Silvers believes these protests are also tied to other nationwide demonstrations in response to police violence, noting that the lack of economic opportunity has been “catastrophic” to inner cities that have seen massive disinvestment. “These things are related,” he says, in part because the economy hasn’t worked for the majority of Americans over the past several decades. “Our labor market is broken. Wages don’t move with productivity, and they haven’t in any sustained way for decades.”
While these new labor movements are promising, Silvers says the adjustment in wages paid to fast-food workers and Walmart employees are too low to move the needle when it comes to the overall economic impact in the United States. Real middle-class wage growth requires collective bargaining. “In an era where I think an awful lot of people see wage stagnation as a major problem in the American economy,” he says, the negotiations continue to be the “most significant lever we have in the mainstream workforce to move wages upward.”

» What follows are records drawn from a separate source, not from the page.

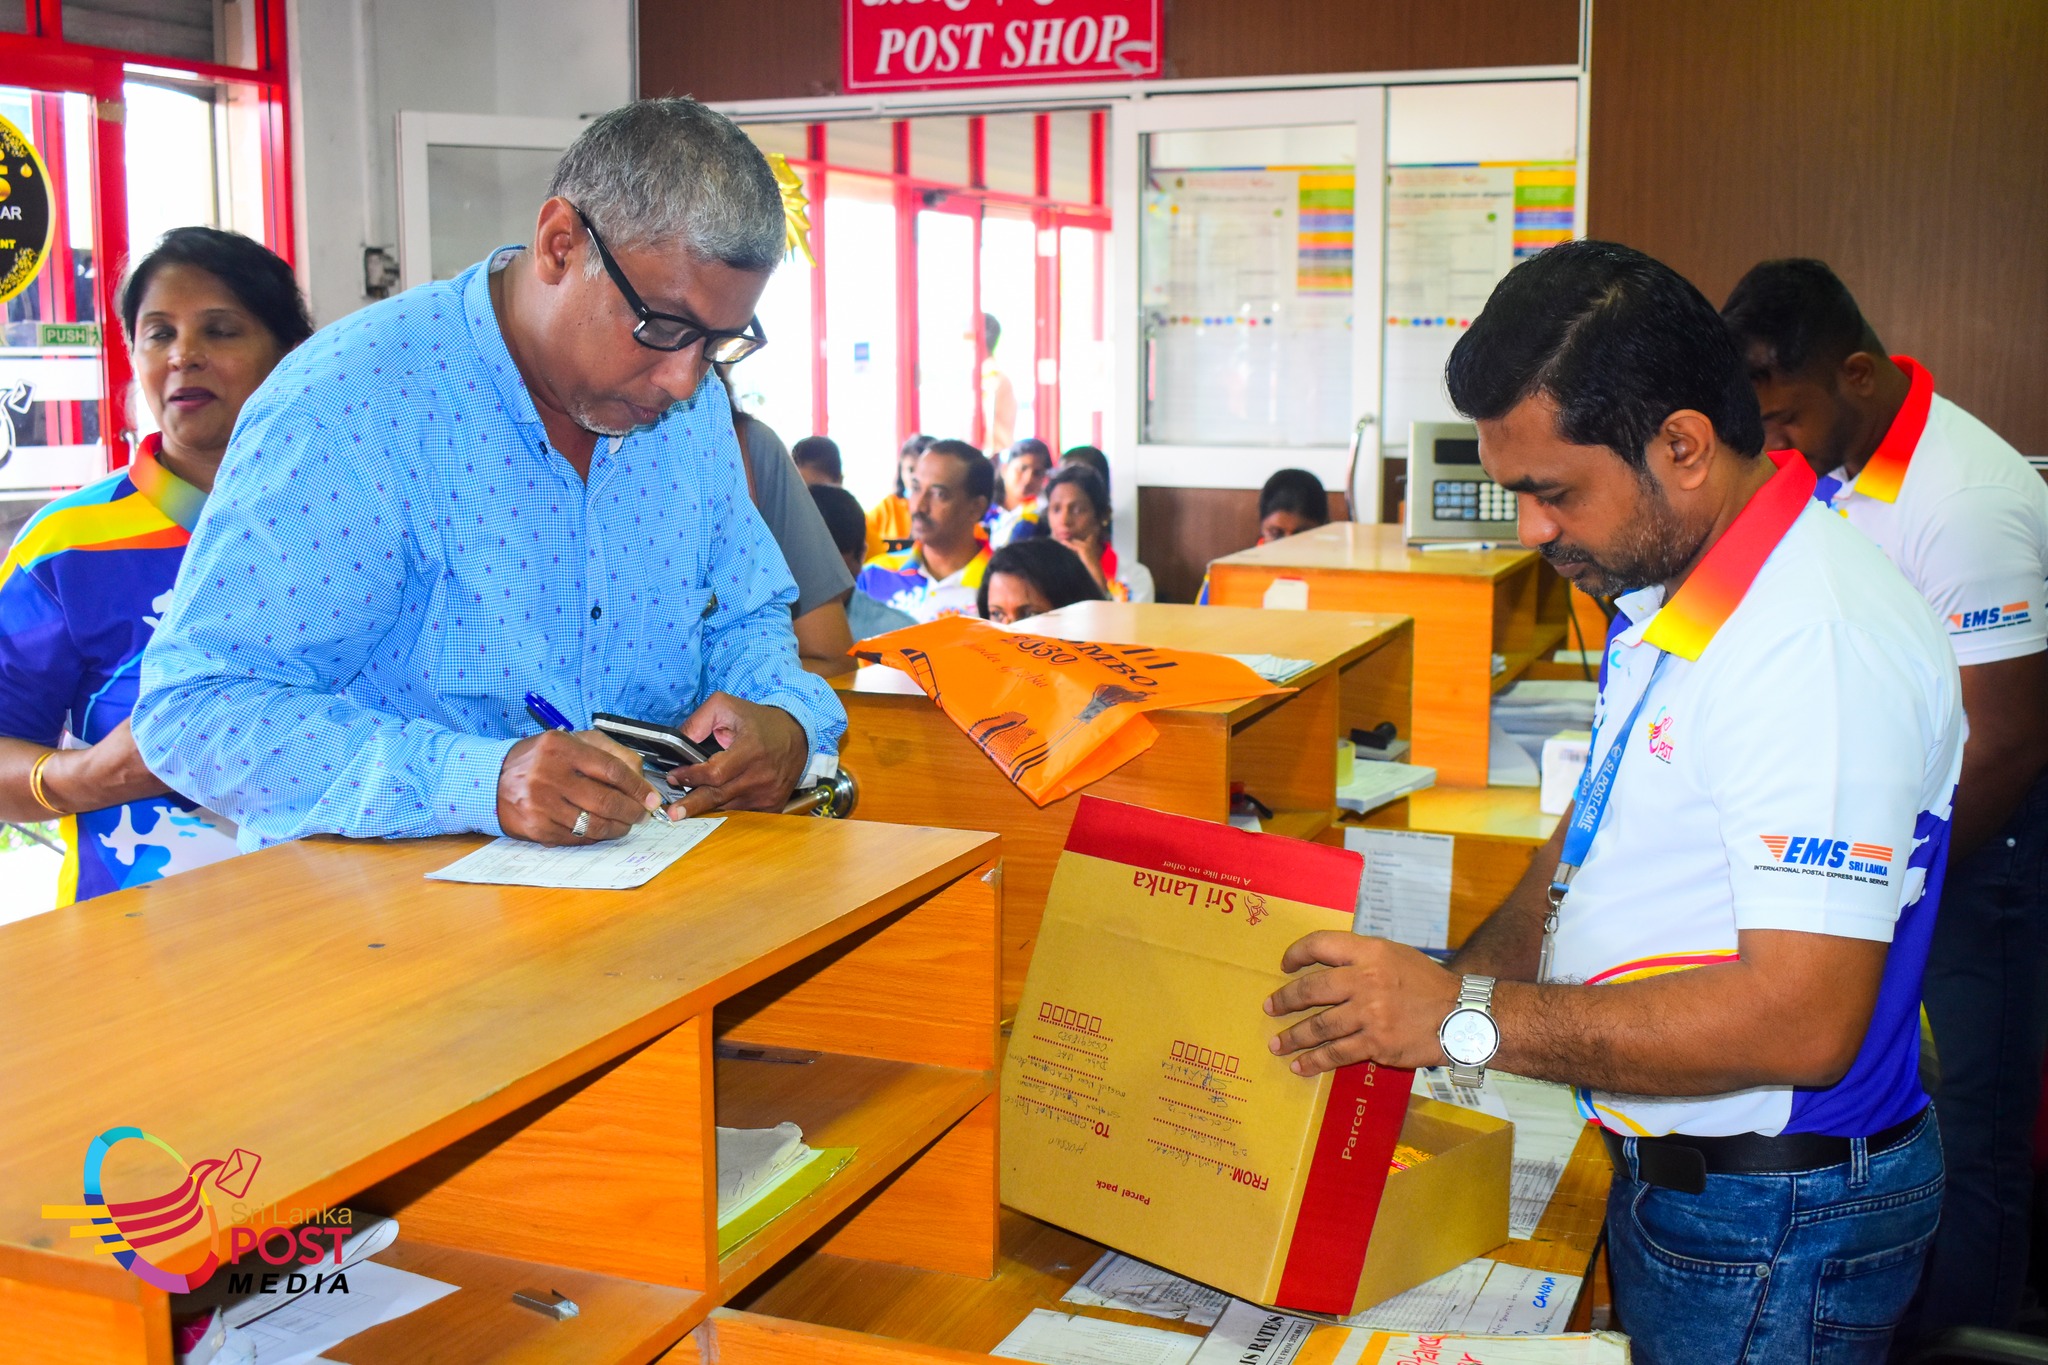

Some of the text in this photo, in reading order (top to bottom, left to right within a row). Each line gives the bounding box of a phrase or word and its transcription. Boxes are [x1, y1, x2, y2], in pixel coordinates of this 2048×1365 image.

[875, 15, 1130, 75] POST SHOP
[0, 205, 22, 220] AR
[0, 239, 16, 249] NT
[47, 328, 86, 343] PUSH
[1962, 607, 2000, 628] EMS
[1579, 758, 1616, 832] SL POST-CME
[1783, 836, 1849, 868] EMS
[1163, 860, 1186, 871] other
[1203, 869, 1219, 880] like
[1754, 865, 1889, 886] INTERNATIONAL POSTAL EXPRESS MAIL SERVICE
[1848, 860, 1888, 876] SRI LANKA
[1220, 872, 1241, 885] land
[1243, 877, 1251, 886] A
[1133, 871, 1237, 913] Sri Lanka
[1363, 1062, 1377, 1087] pa
[1341, 1097, 1368, 1160] Parcel
[1229, 1167, 1269, 1191] FROM:
[1096, 1180, 1151, 1205] Parcel pack
[1532, 1277, 1557, 1309] CANADA
[1248, 1315, 1285, 1352] RATES
[1283, 1341, 1295, 1359] FROM

Over the course of 2015, the AFL-CIO will negotiate the contracts of more than 5 million union employees. The most high-profile collective bargaining agreement takes place this fall, when the United Auto Workers (UAW) sits down with Detroit’s Big Three automakers to hash out a contract. “The auto industry is a top-of-the-food-chain type of employer,” says Silvers, explaining that most labor organizations look to the UAW as a role model for negotiations across the country and a signal about the direction of the labor market.
Still, he says, even if the low-level protests aren’t likely to result in the kinds of substantial, immediate changes that high-level negotiations can, there’s an important historical link between the two. While the autoworker contract negotiations today follow a highly formalized routine that’s been in place since the 1930s, Silvers says, it didn’t begin that way. “It started as a kind of semi-insurrection and uprising.”
Not unlike, he adds, the fast-food worker movement currently under way.